Let's face it, though, virtual events are not the same. Why?
You miss "The Hallway Track". This is the name of the informal chats outside of the formal talk tracks.
This is where you meet up with your colleagues and share recaps of the last sessions you just attended.
Or you grab one of the speakers after their talk and ask a couple more questions about the subject that they just passionately spoke about.
Or you visit vendor booths and get their view on how they see the world and see if it aligns with what you're working on.
Or you see someone sitting alone at a table for lunch, you decide to sit down and make an effort to get to know someone new.
I've done all of these things and I know that this is where I have learned the most. For two years, we lost the opportunity to fully experience The Hallway Track.
When I saw that NGINX was sponsoring GlueCon 2022 and saw how well the agenda aligned with my areas of technical focus, I immediately made a case to get out there. And now having just gotten back and reflecting on my experience there, I can say I was extremely happy that GlueCon was my first time back at an in-person conference.
GlueCon is a unique conference in that it is focused on delivering high-quality technical content to developers.
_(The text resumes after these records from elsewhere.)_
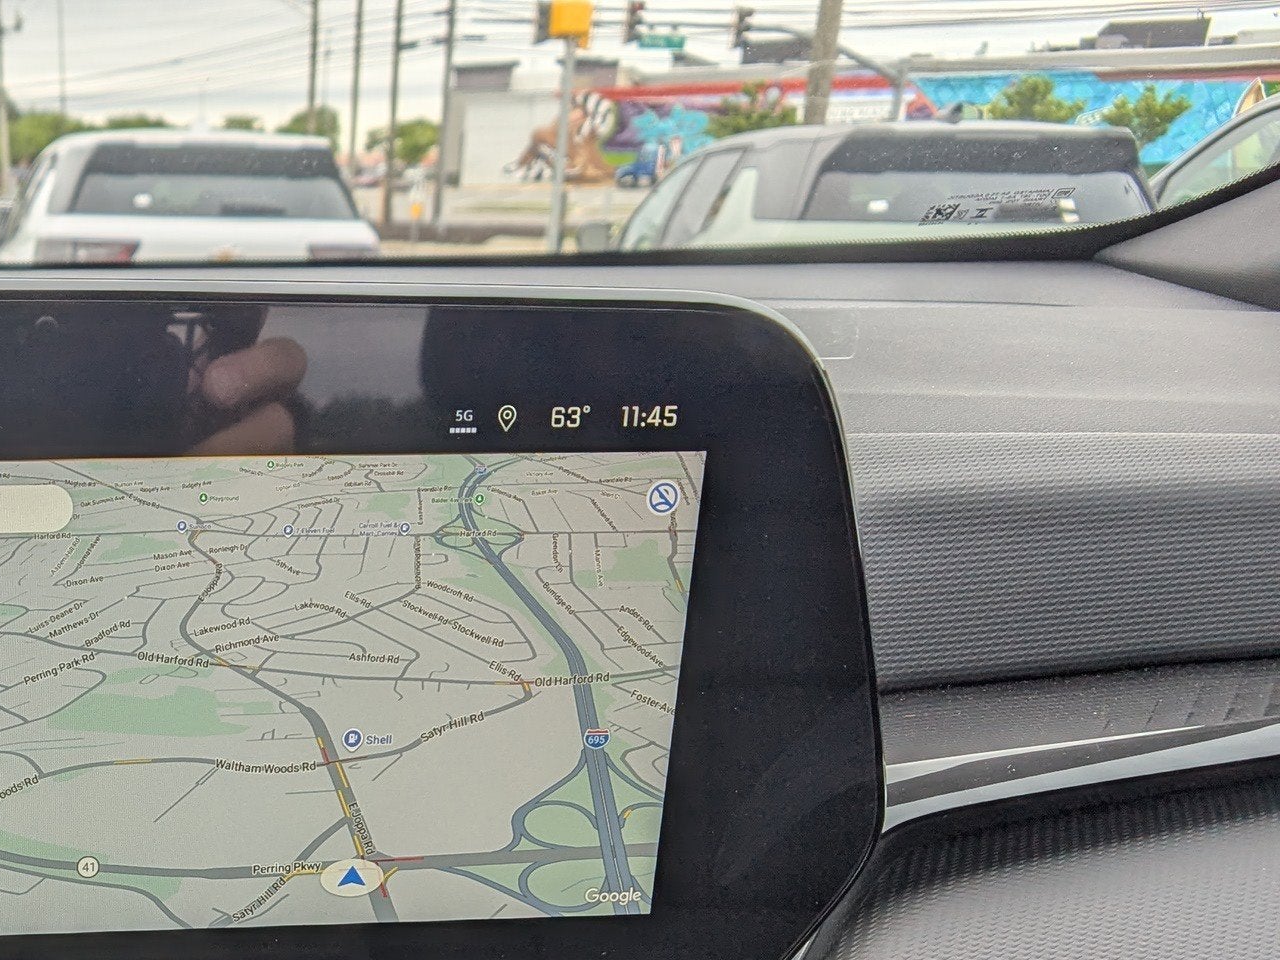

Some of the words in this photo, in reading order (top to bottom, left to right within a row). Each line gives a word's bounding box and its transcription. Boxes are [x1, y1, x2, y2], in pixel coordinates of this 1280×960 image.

[455, 410, 473, 422] 5G
[551, 405, 591, 428] 63°
[621, 405, 678, 427] 11:45
[34, 532, 59, 540] Harford
[60, 532, 71, 540] Rd
[154, 552, 175, 561] Mason
[178, 550, 192, 558] Ave
[154, 564, 173, 573] Dixon
[174, 562, 191, 570] Ave
[66, 578, 85, 587] Dixon
[86, 575, 104, 584] Ave
[344, 590, 359, 603] Ellis
[360, 598, 371, 609] Rd
[426, 580, 464, 600] Woodcroft
[464, 594, 475, 603] Rd
[48, 608, 74, 624] Deane
[73, 602, 84, 612] Dr
[294, 602, 335, 614] Lakewood
[335, 608, 347, 619] Rd
[402, 600, 438, 623] Stockwell
[438, 614, 449, 625] Rd
[619, 604, 643, 623] Anders
[48, 616, 90, 639] Matthews
[89, 610, 100, 622] Dr
[84, 623, 120, 648] Bradford
[119, 620, 132, 629] Rd
[194, 622, 237, 638] Lakewood
[238, 617, 251, 626] Rd
[214, 636, 261, 654] Richmond
[262, 634, 280, 643] Ave
[452, 622, 491, 645] Stockwell
[490, 638, 504, 648] Rd
[618, 625, 652, 658] Edgewood
[137, 652, 156, 662] Old
[158, 654, 194, 667] Harford
[196, 658, 209, 669] Rd
[349, 652, 386, 664] Ashford
[387, 654, 400, 664] Rd
[24, 668, 59, 685] Perring
[58, 658, 81, 674] Park
[82, 652, 96, 664] Rd
[488, 660, 509, 675] Ellis
[508, 670, 522, 682] Rd
[534, 676, 552, 687] Old
[554, 674, 595, 686] Harford
[596, 672, 610, 682] Rd
[630, 689, 659, 708] Foster
[420, 725, 447, 742] Satyr
[448, 716, 467, 730] Hill
[470, 711, 485, 724] Rd
[366, 734, 393, 745] Shell
[588, 735, 606, 745] 695
[215, 758, 261, 773] Waltham
[263, 762, 299, 774] Woods
[302, 760, 317, 772] Rd
[24, 774, 40, 788] Rd
[352, 812, 369, 841] Joppa
[364, 840, 376, 855] Rd
[82, 862, 96, 872] 41
[252, 864, 291, 875] Perring
[293, 862, 321, 874] Pkwy
[232, 900, 259, 922] Satyr
[256, 888, 274, 906] Hill
[272, 877, 287, 893] Rd
[584, 888, 642, 906] Google
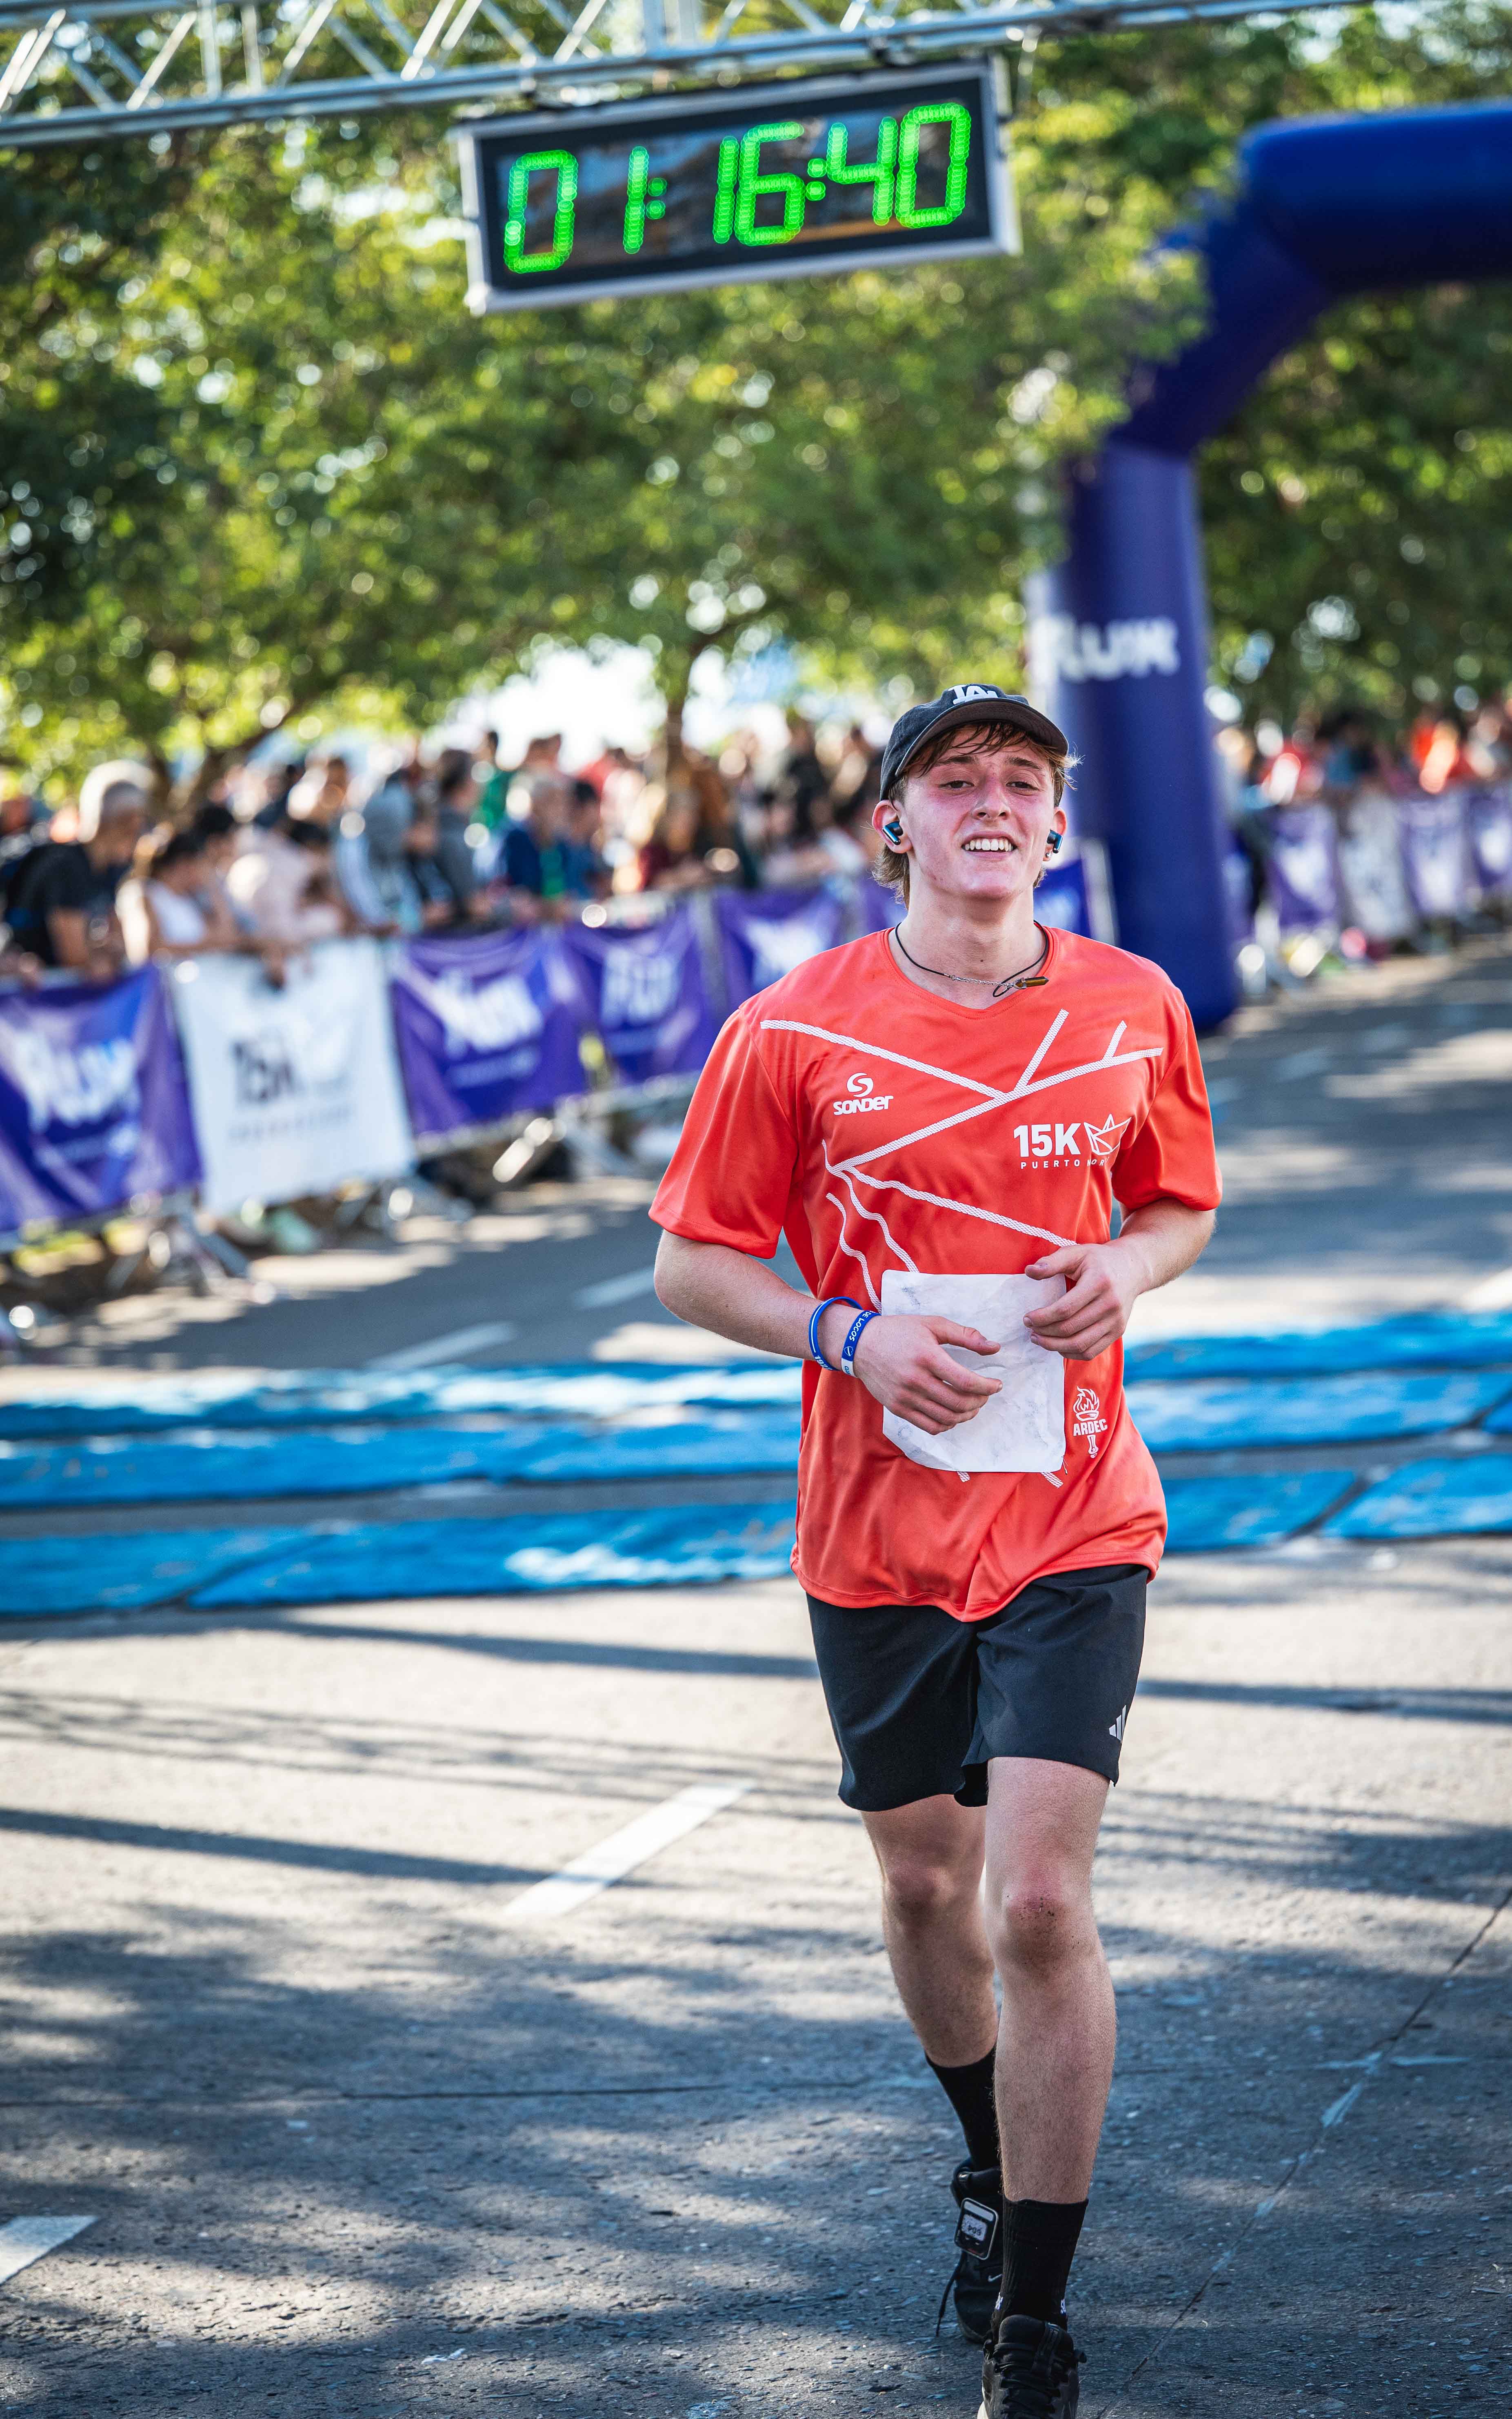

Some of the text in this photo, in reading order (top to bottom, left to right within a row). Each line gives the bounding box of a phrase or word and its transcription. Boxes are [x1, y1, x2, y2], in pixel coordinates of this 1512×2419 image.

They don't want the sales pitches, even though I could see hints of sales pitches were snuck in to some presentations but done in a tasteful way (let's face it, the vendors need to justify the sponsorship money that funds a lot of the conference so let's give them a minute so they're inspired to invest more in future).
The talks this year ranged from APIs, Observability, Serverless Technologies, Authentication, Service Mesh, Developer Tools and even some Blockchain and Web3.
There were also some interesting high level talks on Cloud-Native Organizations and Product Managing Your Infrastructure.
What I took away from the event is that developers have a few big things they worry about.
Getting code to work in the first place
Getting code up and running on their infrastructure
Observability of the application and keeping it safe and secure
What this also means is that developers do not have the time to mess around with solutions that are a burden to implement. There is incredible pressure to deliver on time and they need solutions that "Just Works" whether that's accomplished through great documentation, great example code or great service/support.
This was confirmed by the conversations I was having with individuals. By looking them in the eye when they shared horror stories of sleepless nights and failed deploys. By listening to their specific needs before I said anything about our own products to them. By trying to relate in whatever way I could to their day to day lives in the trenches.
Doing this in person is difficult to replace even if you have every tool available to you so I look forward to meeting up with some of you one day for The Hallway Track.